● Provided records
==================================================

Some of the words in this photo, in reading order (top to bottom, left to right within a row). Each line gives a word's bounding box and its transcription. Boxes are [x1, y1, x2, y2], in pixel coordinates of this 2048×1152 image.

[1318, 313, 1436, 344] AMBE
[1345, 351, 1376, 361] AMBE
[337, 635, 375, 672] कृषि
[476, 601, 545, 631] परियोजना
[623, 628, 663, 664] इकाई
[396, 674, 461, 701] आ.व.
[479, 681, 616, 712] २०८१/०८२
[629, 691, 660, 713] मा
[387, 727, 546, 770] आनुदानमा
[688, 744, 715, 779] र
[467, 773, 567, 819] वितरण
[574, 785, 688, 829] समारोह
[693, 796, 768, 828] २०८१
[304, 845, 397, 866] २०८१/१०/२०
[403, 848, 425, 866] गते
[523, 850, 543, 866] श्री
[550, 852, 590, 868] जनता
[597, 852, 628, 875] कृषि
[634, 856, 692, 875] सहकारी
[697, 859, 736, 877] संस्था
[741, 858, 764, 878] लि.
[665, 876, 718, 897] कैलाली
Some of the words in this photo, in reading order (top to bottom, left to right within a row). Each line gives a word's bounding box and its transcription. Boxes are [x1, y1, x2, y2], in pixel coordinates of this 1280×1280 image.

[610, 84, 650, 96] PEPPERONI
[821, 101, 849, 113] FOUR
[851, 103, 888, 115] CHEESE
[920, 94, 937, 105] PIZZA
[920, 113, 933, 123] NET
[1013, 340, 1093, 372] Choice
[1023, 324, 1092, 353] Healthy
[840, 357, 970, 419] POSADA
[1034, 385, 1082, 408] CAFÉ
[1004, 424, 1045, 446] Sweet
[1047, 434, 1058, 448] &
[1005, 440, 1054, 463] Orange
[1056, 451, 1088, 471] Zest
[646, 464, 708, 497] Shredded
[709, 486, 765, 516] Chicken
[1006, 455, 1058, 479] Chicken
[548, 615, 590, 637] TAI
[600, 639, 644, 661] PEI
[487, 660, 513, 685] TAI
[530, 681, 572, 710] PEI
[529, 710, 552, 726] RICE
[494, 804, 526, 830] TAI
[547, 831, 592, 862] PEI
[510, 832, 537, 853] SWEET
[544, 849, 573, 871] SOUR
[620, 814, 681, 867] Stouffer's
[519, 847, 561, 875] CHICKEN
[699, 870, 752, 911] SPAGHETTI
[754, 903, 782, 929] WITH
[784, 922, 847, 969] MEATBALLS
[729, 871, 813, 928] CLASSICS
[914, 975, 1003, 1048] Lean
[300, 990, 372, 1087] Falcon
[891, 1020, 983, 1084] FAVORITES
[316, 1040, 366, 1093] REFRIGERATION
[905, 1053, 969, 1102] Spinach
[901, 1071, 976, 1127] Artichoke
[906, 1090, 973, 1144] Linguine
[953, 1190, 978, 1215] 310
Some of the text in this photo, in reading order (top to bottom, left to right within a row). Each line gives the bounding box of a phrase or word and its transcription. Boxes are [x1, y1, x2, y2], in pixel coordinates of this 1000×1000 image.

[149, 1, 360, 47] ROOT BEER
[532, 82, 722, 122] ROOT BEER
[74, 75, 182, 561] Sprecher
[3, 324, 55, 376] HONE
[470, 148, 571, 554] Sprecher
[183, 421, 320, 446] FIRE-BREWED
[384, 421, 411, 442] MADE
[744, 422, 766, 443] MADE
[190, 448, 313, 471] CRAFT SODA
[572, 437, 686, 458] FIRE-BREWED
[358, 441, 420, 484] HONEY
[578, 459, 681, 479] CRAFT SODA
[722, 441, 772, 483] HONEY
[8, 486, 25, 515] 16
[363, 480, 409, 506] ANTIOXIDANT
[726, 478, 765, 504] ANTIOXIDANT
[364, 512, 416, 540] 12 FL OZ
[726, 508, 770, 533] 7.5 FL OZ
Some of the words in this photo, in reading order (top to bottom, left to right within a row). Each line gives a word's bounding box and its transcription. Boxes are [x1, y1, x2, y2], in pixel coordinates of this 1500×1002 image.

==================================================

● Brief
Copy each entry exactly, leaving every line as it is.

● Response
Some of the words in this photo, in reading order (top to bottom, left to right within a row). Each line gives a word's bounding box and its transcription. Boxes are [x1, y1, x2, y2], in pixel coordinates of this 2048×1152 image.

[1318, 313, 1436, 344] AMBE
[1345, 351, 1376, 361] AMBE
[337, 635, 375, 672] कृषि
[476, 601, 545, 631] परियोजना
[623, 628, 663, 664] इकाई
[396, 674, 461, 701] आ.व.
[479, 681, 616, 712] २०८१/०८२
[629, 691, 660, 713] मा
[387, 727, 546, 770] आनुदानमा
[688, 744, 715, 779] र
[467, 773, 567, 819] वितरण
[574, 785, 688, 829] समारोह
[693, 796, 768, 828] २०८१
[304, 845, 397, 866] २०८१/१०/२०
[403, 848, 425, 866] गते
[523, 850, 543, 866] श्री
[550, 852, 590, 868] जनता
[597, 852, 628, 875] कृषि
[634, 856, 692, 875] सहकारी
[697, 859, 736, 877] संस्था
[741, 858, 764, 878] लि.
[665, 876, 718, 897] कैलाली
Some of the words in this photo, in reading order (top to bottom, left to right within a row). Each line gives a word's bounding box and its transcription. Boxes are [x1, y1, x2, y2], in pixel coordinates of this 1280×1280 image.

[610, 84, 650, 96] PEPPERONI
[821, 101, 849, 113] FOUR
[851, 103, 888, 115] CHEESE
[920, 94, 937, 105] PIZZA
[920, 113, 933, 123] NET
[1013, 340, 1093, 372] Choice
[1023, 324, 1092, 353] Healthy
[840, 357, 970, 419] POSADA
[1034, 385, 1082, 408] CAFÉ
[1004, 424, 1045, 446] Sweet
[1047, 434, 1058, 448] &
[1005, 440, 1054, 463] Orange
[1056, 451, 1088, 471] Zest
[646, 464, 708, 497] Shredded
[709, 486, 765, 516] Chicken
[1006, 455, 1058, 479] Chicken
[548, 615, 590, 637] TAI
[600, 639, 644, 661] PEI
[487, 660, 513, 685] TAI
[530, 681, 572, 710] PEI
[529, 710, 552, 726] RICE
[494, 804, 526, 830] TAI
[547, 831, 592, 862] PEI
[510, 832, 537, 853] SWEET
[544, 849, 573, 871] SOUR
[620, 814, 681, 867] Stouffer's
[519, 847, 561, 875] CHICKEN
[699, 870, 752, 911] SPAGHETTI
[754, 903, 782, 929] WITH
[784, 922, 847, 969] MEATBALLS
[729, 871, 813, 928] CLASSICS
[914, 975, 1003, 1048] Lean
[300, 990, 372, 1087] Falcon
[891, 1020, 983, 1084] FAVORITES
[316, 1040, 366, 1093] REFRIGERATION
[905, 1053, 969, 1102] Spinach
[901, 1071, 976, 1127] Artichoke
[906, 1090, 973, 1144] Linguine
[953, 1190, 978, 1215] 310
Some of the text in this photo, in reading order (top to bottom, left to right within a row). Each line gives the bounding box of a phrase or word and its transcription. Boxes are [x1, y1, x2, y2], in pixel coordinates of this 1000×1000 image.

[149, 1, 360, 47] ROOT BEER
[532, 82, 722, 122] ROOT BEER
[74, 75, 182, 561] Sprecher
[3, 324, 55, 376] HONE
[470, 148, 571, 554] Sprecher
[183, 421, 320, 446] FIRE-BREWED
[384, 421, 411, 442] MADE
[744, 422, 766, 443] MADE
[190, 448, 313, 471] CRAFT SODA
[572, 437, 686, 458] FIRE-BREWED
[358, 441, 420, 484] HONEY
[578, 459, 681, 479] CRAFT SODA
[722, 441, 772, 483] HONEY
[8, 486, 25, 515] 16
[363, 480, 409, 506] ANTIOXIDANT
[726, 478, 765, 504] ANTIOXIDANT
[364, 512, 416, 540] 12 FL OZ
[726, 508, 770, 533] 7.5 FL OZ
Some of the words in this photo, in reading order (top to bottom, left to right within a row). Each line gives a word's bounding box and its transcription. Boxes are [x1, y1, x2, y2], in pixel coordinates of this 1500×1002 image.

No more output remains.